*** Opening of Data for this exercise ***
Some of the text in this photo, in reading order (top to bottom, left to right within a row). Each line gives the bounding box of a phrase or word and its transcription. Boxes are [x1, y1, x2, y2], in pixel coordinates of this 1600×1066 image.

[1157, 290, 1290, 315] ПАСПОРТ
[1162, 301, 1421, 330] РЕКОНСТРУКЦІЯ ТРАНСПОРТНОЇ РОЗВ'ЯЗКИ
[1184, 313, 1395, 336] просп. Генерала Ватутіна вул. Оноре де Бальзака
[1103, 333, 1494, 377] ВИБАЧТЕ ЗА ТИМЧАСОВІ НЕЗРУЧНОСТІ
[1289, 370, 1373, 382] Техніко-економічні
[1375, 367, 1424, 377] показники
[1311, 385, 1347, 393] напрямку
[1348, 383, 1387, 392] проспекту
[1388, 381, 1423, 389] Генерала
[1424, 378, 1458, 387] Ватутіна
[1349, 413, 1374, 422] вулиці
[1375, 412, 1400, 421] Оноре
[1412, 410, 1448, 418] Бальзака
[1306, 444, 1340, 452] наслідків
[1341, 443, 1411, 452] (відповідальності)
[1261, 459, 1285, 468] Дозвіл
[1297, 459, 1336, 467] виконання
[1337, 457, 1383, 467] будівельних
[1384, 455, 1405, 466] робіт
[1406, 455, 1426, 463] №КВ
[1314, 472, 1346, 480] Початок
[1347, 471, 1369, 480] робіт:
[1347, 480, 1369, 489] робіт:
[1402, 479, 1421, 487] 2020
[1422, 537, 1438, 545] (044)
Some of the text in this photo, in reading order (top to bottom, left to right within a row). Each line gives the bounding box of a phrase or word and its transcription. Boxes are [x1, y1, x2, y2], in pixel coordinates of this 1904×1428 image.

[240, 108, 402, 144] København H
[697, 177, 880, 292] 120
*** Close of Data for this exercise ***
*Activity:*
Give the material again, complete and unaltered.

*Written response:*
Some of the text in this photo, in reading order (top to bottom, left to right within a row). Each line gives the bounding box of a phrase or word and its transcription. Boxes are [x1, y1, x2, y2], in pixel coordinates of this 1600×1066 image.

[1157, 290, 1290, 315] ПАСПОРТ
[1162, 301, 1421, 330] РЕКОНСТРУКЦІЯ ТРАНСПОРТНОЇ РОЗВ'ЯЗКИ
[1184, 313, 1395, 336] просп. Генерала Ватутіна вул. Оноре де Бальзака
[1103, 333, 1494, 377] ВИБАЧТЕ ЗА ТИМЧАСОВІ НЕЗРУЧНОСТІ
[1289, 370, 1373, 382] Техніко-економічні
[1375, 367, 1424, 377] показники
[1311, 385, 1347, 393] напрямку
[1348, 383, 1387, 392] проспекту
[1388, 381, 1423, 389] Генерала
[1424, 378, 1458, 387] Ватутіна
[1349, 413, 1374, 422] вулиці
[1375, 412, 1400, 421] Оноре
[1412, 410, 1448, 418] Бальзака
[1306, 444, 1340, 452] наслідків
[1341, 443, 1411, 452] (відповідальності)
[1261, 459, 1285, 468] Дозвіл
[1297, 459, 1336, 467] виконання
[1337, 457, 1383, 467] будівельних
[1384, 455, 1405, 466] робіт
[1406, 455, 1426, 463] №КВ
[1314, 472, 1346, 480] Початок
[1347, 471, 1369, 480] робіт:
[1347, 480, 1369, 489] робіт:
[1402, 479, 1421, 487] 2020
[1422, 537, 1438, 545] (044)
Some of the text in this photo, in reading order (top to bottom, left to right within a row). Each line gives the bounding box of a phrase or word and its transcription. Boxes are [x1, y1, x2, y2], in pixel coordinates of this 1904×1428 image.

[240, 108, 402, 144] København H
[697, 177, 880, 292] 120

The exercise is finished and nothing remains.